Il saldo dell’ Imposta municipale unica è dietro l’angolo. Mentre il governo è pronto ad una riforma del catasto che potrebbe portare in dote aumenti nell’imposizione fiscale, i contribuenti pagheranno la seconda rata Imu entro il 16 dicembre. Con quali regole? Restano esenzione prima casa, sconto del 25% per gli immobili affittati a canone concordato ed esonero per alcune categorie particolarmente colpite dalla pandemia. Per quanto riguarda l’importo del saldo, bisognerà tener conto delle aliquote 2021 stabilite dai comuni che dovrebbero aver deliberato le nuove percentuali e averle trasmesse entro lo scorso 14 ottobre al ministero del Tesoro per la pubblicazione sul sito del dipartimento delle finanze nei quattordici giorni successivi.

Ma entriamo nel dettaglio. Anche nel 2021 resta l’esenzione sull’abitazione principale e le sue pertinenze (box, cantina, solaio, posto auto). Fatta eccezione per gli immobili di pregio: abitazioni signorili, ville, castelli e palazzi. Il governo però intende far chiarezza su un punto: nel decreto fisco, è previsto che l’agevolazione spetti per un solo immobile per nucleo familiare. Anche se la residenza anagrafica dei coniugi è in due luoghi differenti. Il dettaglio non è da poco visto che solo recentemente la Cassazione ha spiegato che non basta la sola diversa residenza dei coniugi per avvantaggiarsi dell’esenzione, ma è necessario dimostrare l’effettivo intento di separazione. L’imposta è infatti dovuta sulle seconde case e sui fabbricati, oltre che sulle abitazioni concesse in comodato gratuito fra parenti di primo grado. Sia pure, in questo caso, con il dimezzamento dell’imposta. Sempre che il beneficiario risieda nella casa offerta gratuitamente, che non sia proprietario di altre abitazioni e che il contratto sia registrato con il pagamento dell’imposta di registro da 200 euro.

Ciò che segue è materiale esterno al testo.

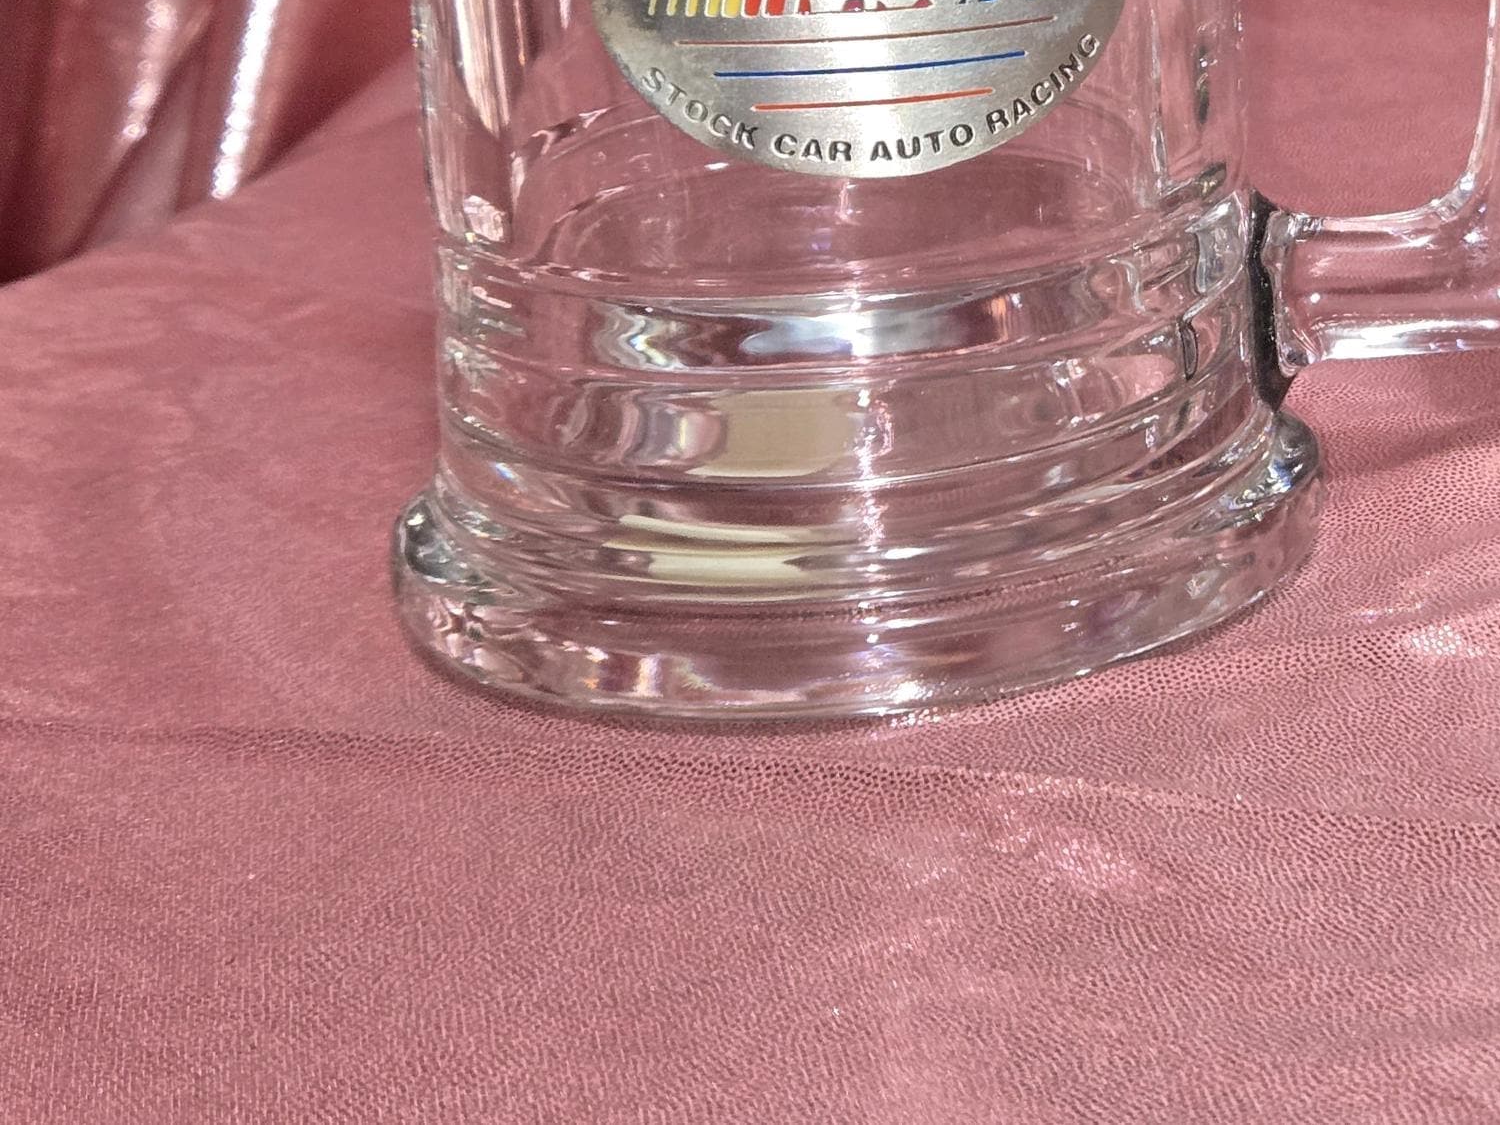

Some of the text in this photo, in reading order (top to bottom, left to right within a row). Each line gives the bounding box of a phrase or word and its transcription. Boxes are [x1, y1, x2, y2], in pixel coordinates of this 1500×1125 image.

[642, 33, 1102, 162] STOCK CAR AUTO RACING

Per quanto riguarda l’importo dovuto a dicembre, il contribuente dovrà rifare i conti con le nuove aliquote e calcolare la differenza rispetto all’anticipo versato a giugno sulla base delle percentuali dell’anno precedente. Salvo naturalmente che, nonostante l’assorbimento della Tasi, l’aliquota non sia variata per l’anno in corso. O non ci sia stata alcuna delibera comunale che abbia modificato gli importi dovuti dal cittadino per la tassazione degli immobili. Per il calcolo dell’imposta si parte quindi dalla rendita catastale 2021, rivalutata del 5% cui si applica poi l’aliquota locale.

Non mancano diverse esenzioni dovute all’emergenza sanitaria e agli eventi sismici. Causa Covid, alcune categorie di contribuenti potranno però evitare il pagamento del saldo Imu di dicembre. Per gli immobili destinati all’intrattenimento vale l’esenzione della prossima rata e delle due successive per il 2022: i proprietari di mura di teatri, sale per concerti e cinema non saranno quindi tenuti al pagamento dell’imposta. A patto però che siano anche i gestori delle attività. Nonostante il lungo periodo di chiusura, il legislatore non ha stabilito alcuna agevolazione per immobili destinati invece a discoteche, sale da ballo e night club per le quali era stato concesso l’esonero dell’acconto.

Nessuna agevolazione è prevista, infine, per i fabbricati del comparto turistico e fieristico che nel 2020 avevano beneficiato dell’esenzione nel caso di ribasso del 30 per cento del fatturato. Infine, ci sono esenzioni per immobili situati in territori colpiti da eventi sismici. E’ il caso di alcuni comuni della Lombardia, del Veneto e dell’Emilia Romagna danneggiati dal terremoto del 20 e 29 maggio 2012; del Centro Italia interessati dal sisma dell’estate 2016 e di quelli dell’isola di Ischia danneggiati nell’agosto del 2017.